-- The task --
Line for line, return the data exactly, omitting all pictures.

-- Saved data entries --
-.-.-

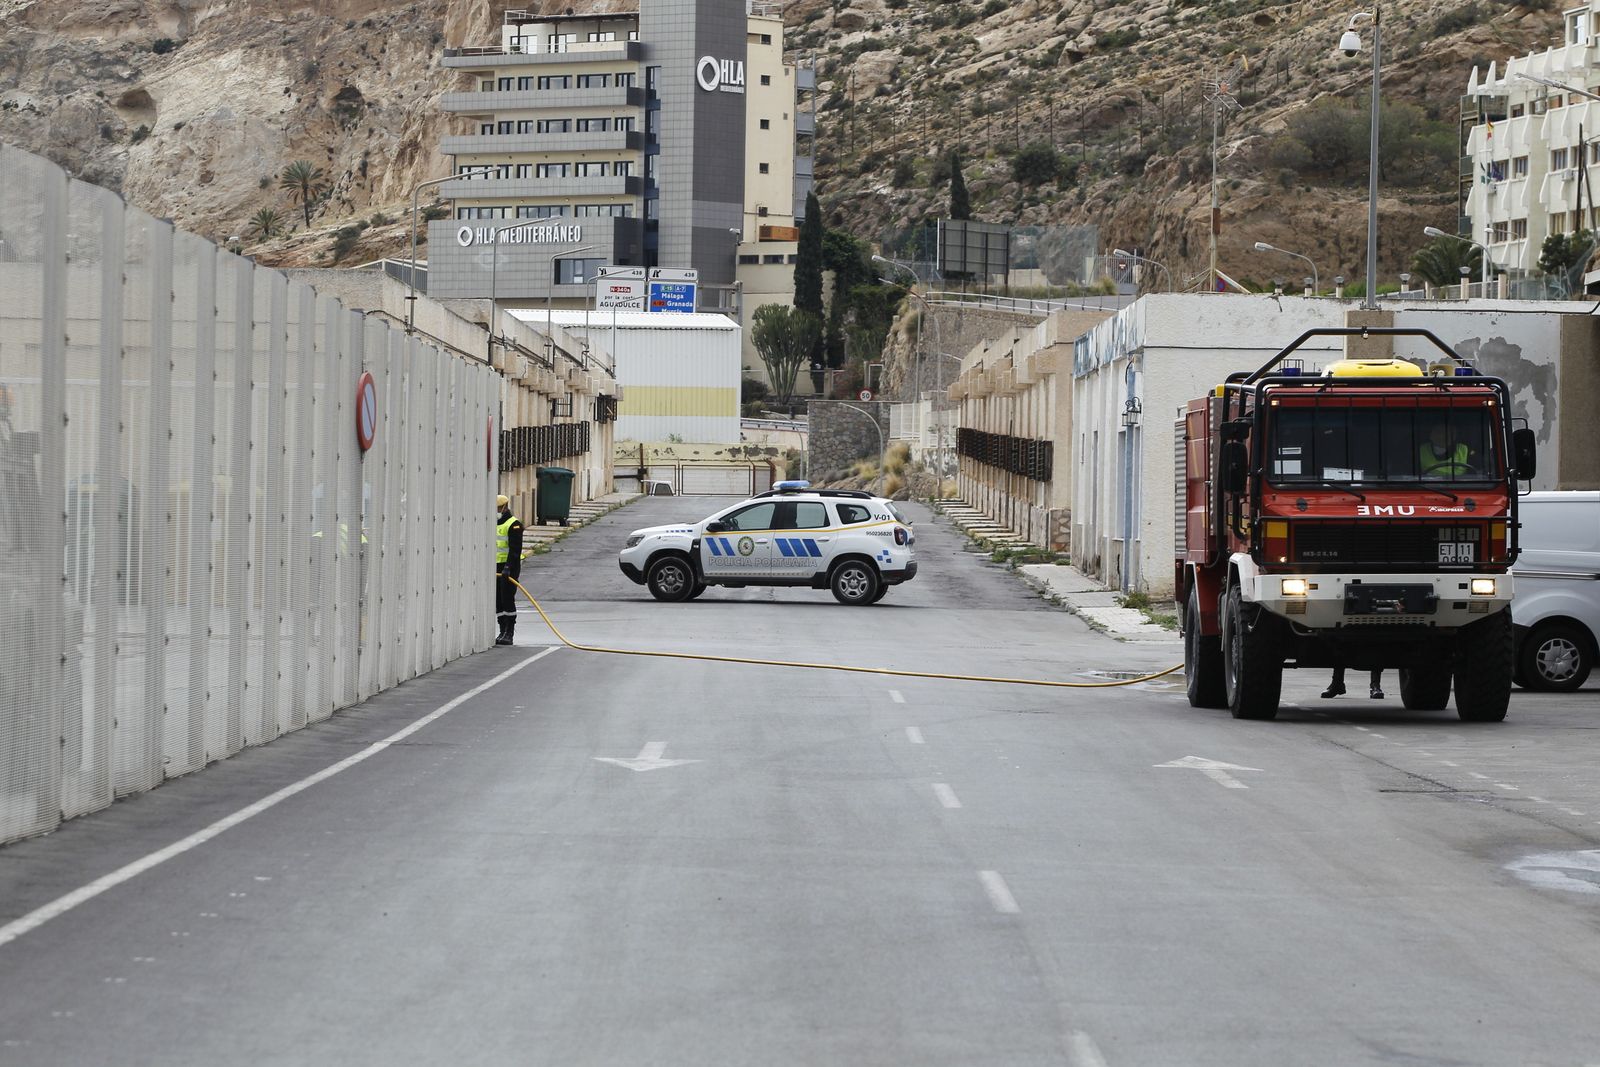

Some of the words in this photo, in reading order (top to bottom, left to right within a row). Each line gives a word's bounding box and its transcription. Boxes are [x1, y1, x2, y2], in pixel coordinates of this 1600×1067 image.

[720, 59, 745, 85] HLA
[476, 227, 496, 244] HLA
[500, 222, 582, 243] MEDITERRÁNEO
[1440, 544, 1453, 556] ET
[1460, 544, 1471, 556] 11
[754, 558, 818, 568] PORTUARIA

-.-.-

-- Solution for this problem --
Some of the words in this photo, in reading order (top to bottom, left to right within a row). Each line gives a word's bounding box and its transcription. Boxes are [x1, y1, x2, y2], in pixel coordinates of this 1600×1067 image.

[720, 59, 745, 85] HLA
[476, 227, 496, 244] HLA
[500, 222, 582, 243] MEDITERRÁNEO
[1440, 544, 1453, 556] ET
[1460, 544, 1471, 556] 11
[754, 558, 818, 568] PORTUARIA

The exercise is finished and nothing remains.